A week after the fire in Nantes cathedral, a volunteer from the diocese confessed and was remanded in custody overnight from Saturday to Sunday for “destruction and damage by fire”. “My client cooperated”, the lawyer for the accused, Me Quentin Chabert, told the daily Presse-Océan. “He bitterly regrets the facts and evoking this was a liberation for him. My client is today consumed with remorse and overwhelmed by the magnitude of the events”, he assures.
The man “admitted, during the first appearance before the examining magistrate, having lit the three fires in the cathedral: on the large organ, the small organ and in an electrical panel“, specified the public prosecutor of Nantes Pierre Sennès daily. The volunteer, 39 years old, who was responsible for closing the cathedral the day before the fire, was indicted (indicted) “counts of destruction and degradation by fire and remanded in custody by the judge of freedoms and detention“, the prosecutor said in a statement.
The volunteer faces 10 years in prison
The volunteer was taken into police custody on July 18 a few hours after the fire and the opening of the investigation, then released the following evening. The investigators wanted to question him because after the fire, no trace of break-in had been observed on the accesses to the building in which three starting points of fire had been observed. The volunteer incurs for this offense “a 10-year prison sentence and a fine of 150,000 euros“, said Pierre Sennès in an email sent overnight.

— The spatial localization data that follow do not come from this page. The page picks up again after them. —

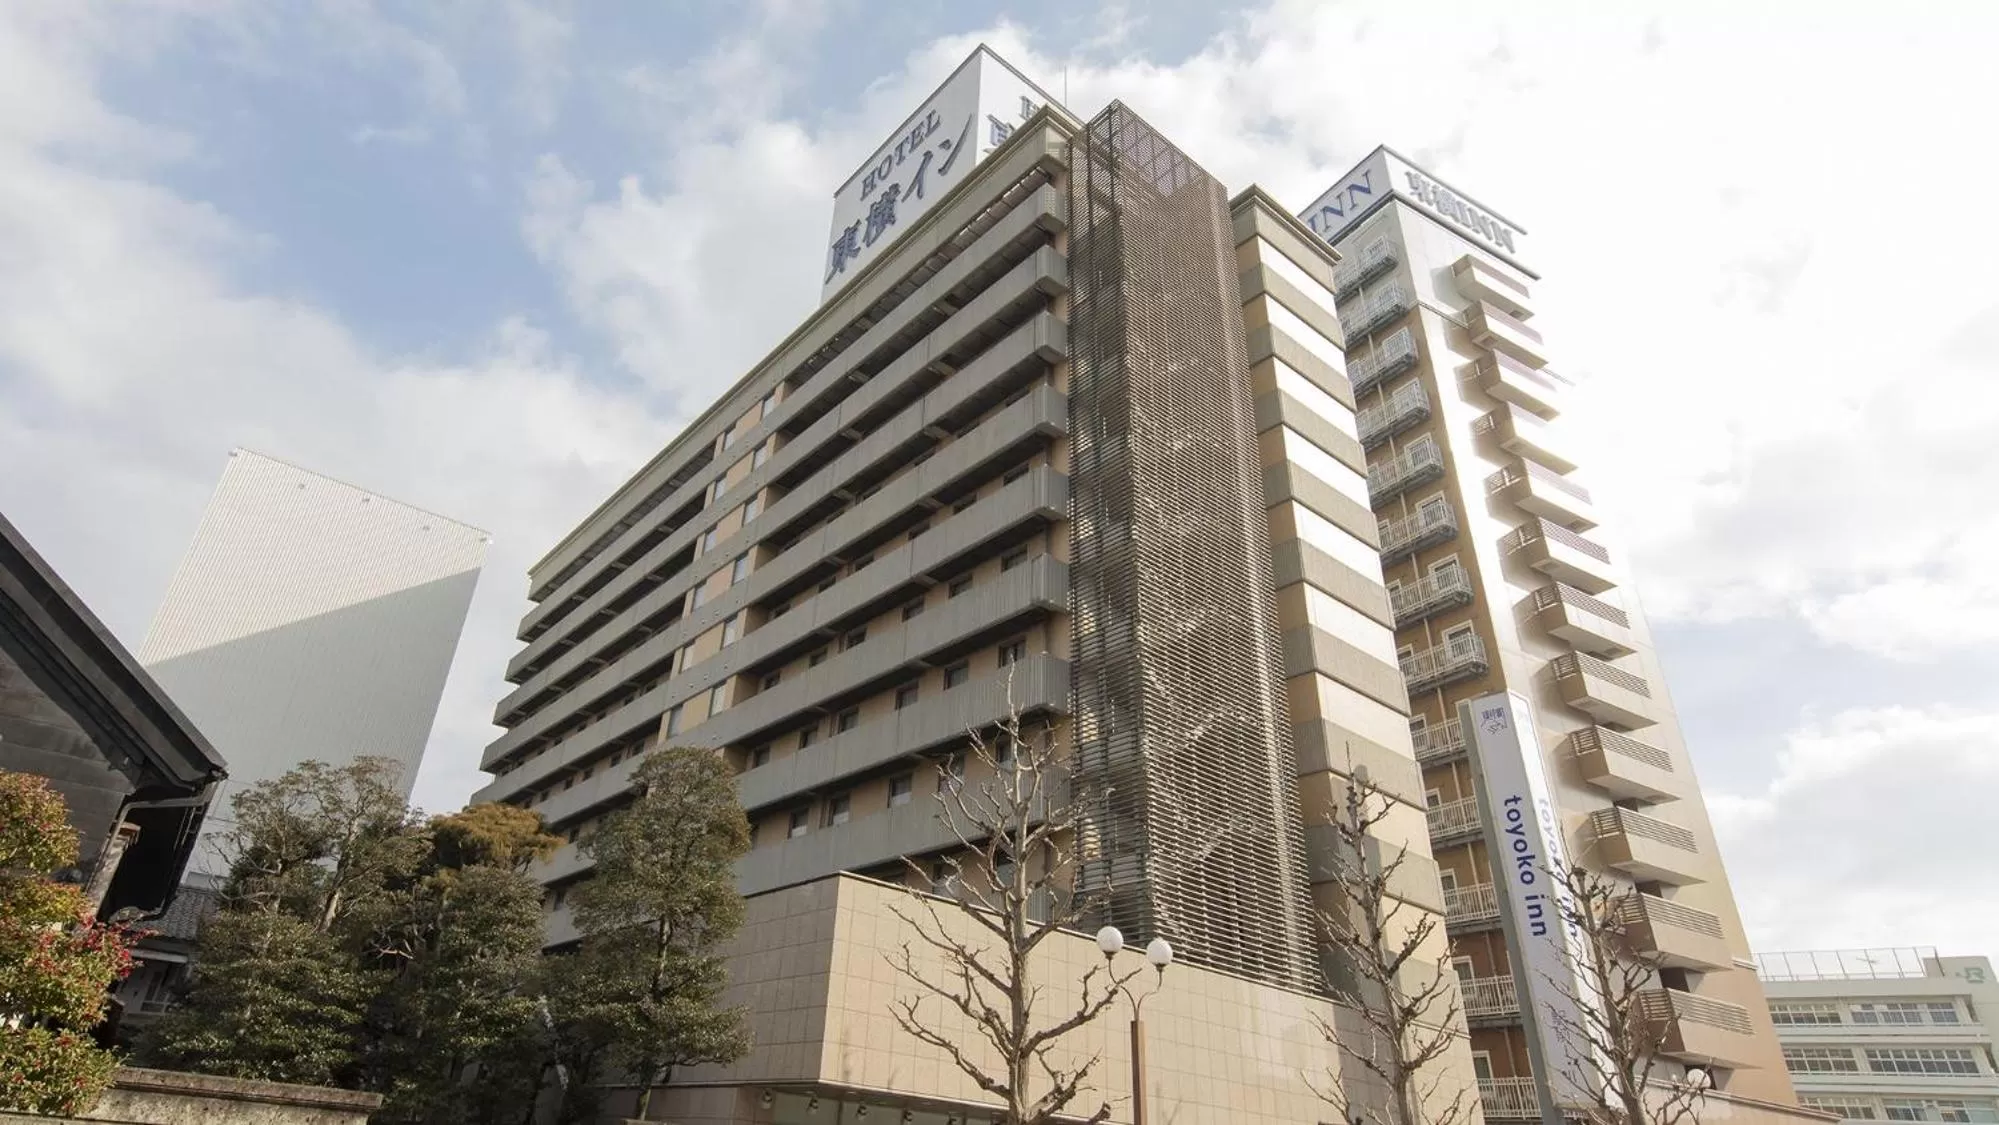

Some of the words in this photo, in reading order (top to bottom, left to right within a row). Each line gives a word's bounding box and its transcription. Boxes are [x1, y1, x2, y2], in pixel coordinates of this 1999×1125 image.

[825, 113, 972, 284] 東横イン
[860, 110, 941, 201] HOTEL
[1307, 169, 1372, 233] INN
[1504, 795, 1536, 885] toyoko
[1525, 895, 1547, 936] inn

On July 18, around 7:45 am, passers-by saw flames coming out of the cathedral and gave the alert. It took about two hours for the firefighters to contain the fire, which notably destroyed a 19th century painting by Hippolyte Flandrin and the great organ. The fire at Nantes cathedral, which occurred 15 months after that of Notre-Dame de Paris, aroused great emotion among the people of Nantes, some of whom have remembered a previous fire in the building on January 28, 1972 The construction of this cathedral, in a flamboyant Gothic style, lasted several centuries (from 1434 to 1891).